Directions for this task » The data below has to be returned exactly, down to the last character.

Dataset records
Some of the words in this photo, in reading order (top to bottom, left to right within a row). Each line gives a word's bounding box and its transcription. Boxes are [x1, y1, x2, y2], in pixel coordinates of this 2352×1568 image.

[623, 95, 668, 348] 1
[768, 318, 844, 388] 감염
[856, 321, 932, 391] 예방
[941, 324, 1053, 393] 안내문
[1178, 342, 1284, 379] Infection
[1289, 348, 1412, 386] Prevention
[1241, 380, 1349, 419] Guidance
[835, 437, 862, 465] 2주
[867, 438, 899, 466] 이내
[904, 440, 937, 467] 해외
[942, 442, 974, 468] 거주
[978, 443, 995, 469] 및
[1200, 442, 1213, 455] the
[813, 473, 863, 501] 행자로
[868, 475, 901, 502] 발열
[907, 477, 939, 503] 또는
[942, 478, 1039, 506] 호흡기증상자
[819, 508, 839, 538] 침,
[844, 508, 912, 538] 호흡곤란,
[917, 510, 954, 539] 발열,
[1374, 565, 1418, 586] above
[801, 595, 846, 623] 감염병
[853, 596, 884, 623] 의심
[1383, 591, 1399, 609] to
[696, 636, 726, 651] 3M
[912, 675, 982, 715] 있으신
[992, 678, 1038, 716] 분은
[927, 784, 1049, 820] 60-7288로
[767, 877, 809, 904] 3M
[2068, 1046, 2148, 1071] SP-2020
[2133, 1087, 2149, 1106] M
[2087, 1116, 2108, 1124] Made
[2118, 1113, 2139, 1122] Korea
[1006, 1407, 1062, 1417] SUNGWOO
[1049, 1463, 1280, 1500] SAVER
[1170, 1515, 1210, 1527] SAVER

Task output »
Some of the words in this photo, in reading order (top to bottom, left to right within a row). Each line gives a word's bounding box and its transcription. Boxes are [x1, y1, x2, y2], in pixel coordinates of this 2352×1568 image.

[623, 95, 668, 348] 1
[768, 318, 844, 388] 감염
[856, 321, 932, 391] 예방
[941, 324, 1053, 393] 안내문
[1178, 342, 1284, 379] Infection
[1289, 348, 1412, 386] Prevention
[1241, 380, 1349, 419] Guidance
[835, 437, 862, 465] 2주
[867, 438, 899, 466] 이내
[904, 440, 937, 467] 해외
[942, 442, 974, 468] 거주
[978, 443, 995, 469] 및
[1200, 442, 1213, 455] the
[813, 473, 863, 501] 행자로
[868, 475, 901, 502] 발열
[907, 477, 939, 503] 또는
[942, 478, 1039, 506] 호흡기증상자
[819, 508, 839, 538] 침,
[844, 508, 912, 538] 호흡곤란,
[917, 510, 954, 539] 발열,
[1374, 565, 1418, 586] above
[801, 595, 846, 623] 감염병
[853, 596, 884, 623] 의심
[1383, 591, 1399, 609] to
[696, 636, 726, 651] 3M
[912, 675, 982, 715] 있으신
[992, 678, 1038, 716] 분은
[927, 784, 1049, 820] 60-7288로
[767, 877, 809, 904] 3M
[2068, 1046, 2148, 1071] SP-2020
[2133, 1087, 2149, 1106] M
[2087, 1116, 2108, 1124] Made
[2118, 1113, 2139, 1122] Korea
[1006, 1407, 1062, 1417] SUNGWOO
[1049, 1463, 1280, 1500] SAVER
[1170, 1515, 1210, 1527] SAVER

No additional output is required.